The validated structural model indicates that self-efficacy directly enhances both English proficiency and academic achievement, and Blackboard use directly improves English proficiency and achievement. English proficiency exerts a strong direct effect on achievement and partially mediates the effects of self-efficacy and Blackboard on achievement, highlighting language proficiency as a key conduit linking motivational beliefs and technology use to broader academic outcomes. These results reinforce theoretical expectations from Social Cognitive Theory (role of self-efficacy) and TPACK (effective technology integration), and align with prior evidence that technology-supported, interactive learning environments can boost engagement, skills development, and performance. The findings also acknowledge nuance from the literature: the efficacy of Blackboard depends on factors such as digital literacy, instructional design quality, and teacher engagement, and the self-efficacy–proficiency link may be moderated by context, learner characteristics, and specific language skills assessed. Practically, the results suggest that fostering self-efficacy through scaffolded, feedback-rich, collaborative, and authentic tasks, alongside purposeful integration of Blackboard for communication, collaboration, and access to diverse resources, can synergistically elevate English proficiency and academic success. The predictive analyses demonstrate that a substantial portion of achievement variance (≈65%) is captured by the triad of self-efficacy, English proficiency, and Blackboard use, underscoring their combined educational relevance.

Conclusion

The study proposes and validates an integrated structural model linking self-efficacy, Blackboard-mediated technology integration, English proficiency, and academic achievement among Saudi EFL students. The model evidences strong fit and reveals significant direct and indirect pathways: self-efficacy and Blackboard use both bolster English proficiency and achievement, with English proficiency serving as a partial mediator to achievement. These contributions advance understanding of how motivational and technological factors interact to drive outcomes in technology-enhanced EFL contexts.

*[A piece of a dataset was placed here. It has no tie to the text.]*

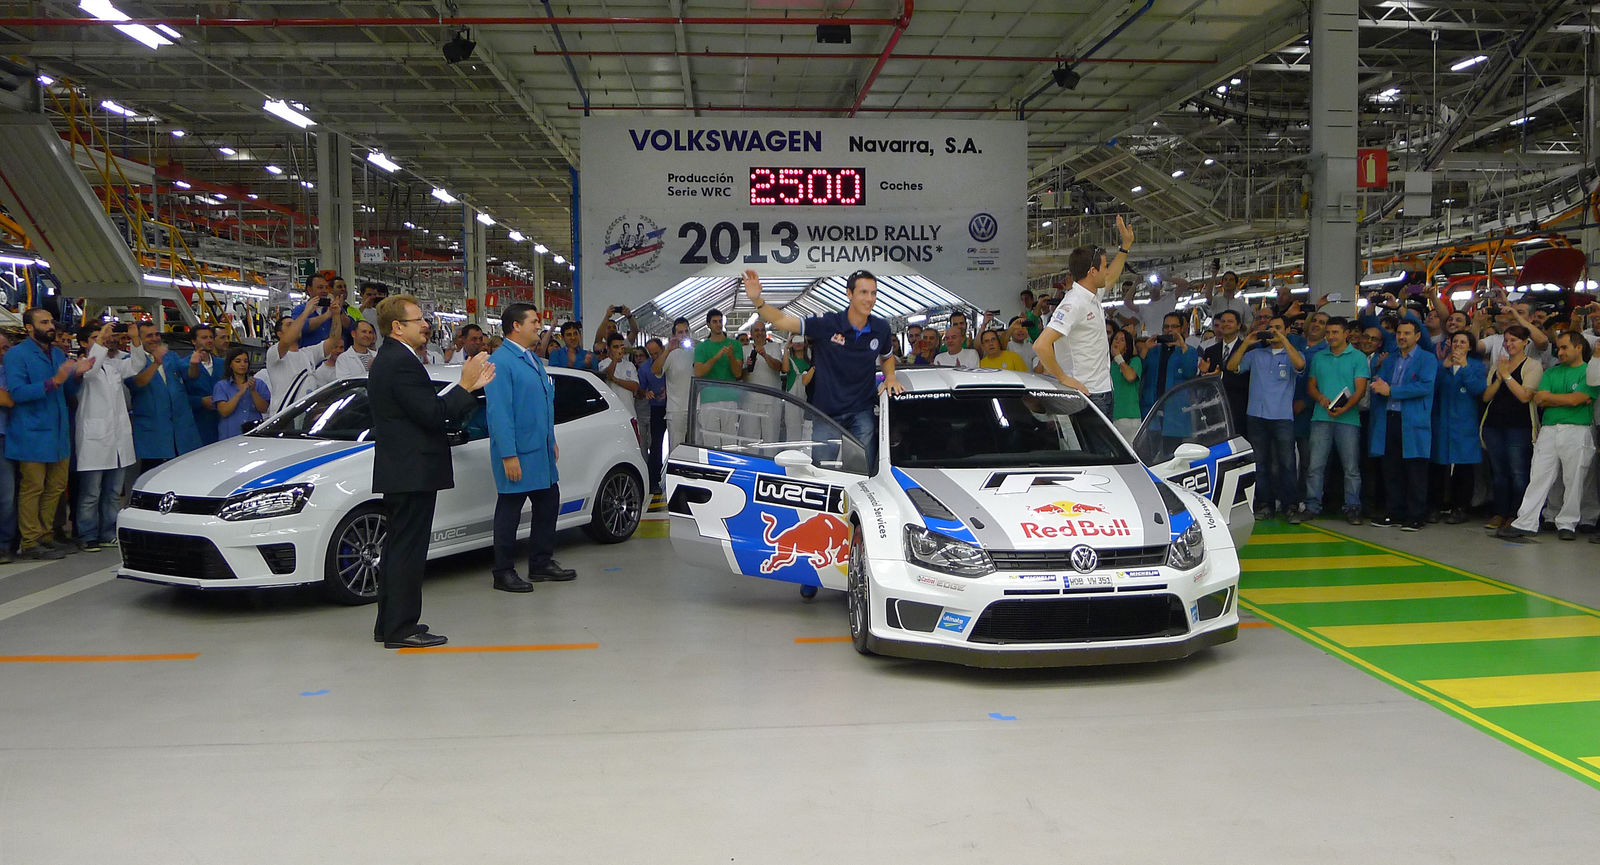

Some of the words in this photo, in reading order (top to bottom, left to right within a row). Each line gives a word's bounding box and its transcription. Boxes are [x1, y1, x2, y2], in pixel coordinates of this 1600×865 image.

Future research should test the model across broader and more diverse samples and contexts, incorporate additional variables (e.g., instructional quality, digital literacy, learning strategies, teacher factors), and include objective proficiency and performance measures to triangulate self-reports and refine causal inferences.

Limitations

Generalizability is limited by a single-country context and a sample of 590 students; future studies should use larger, more diverse samples across regions and institutions. The reliance on self-report instruments for self-efficacy, Blackboard use, and perceived English proficiency introduces potential bias; incorporating objective assessments, observations, and performance data is recommended. Contextual and cultural factors specific to Saudi Arabia may moderate relationships, warranting comparative cross-context validation.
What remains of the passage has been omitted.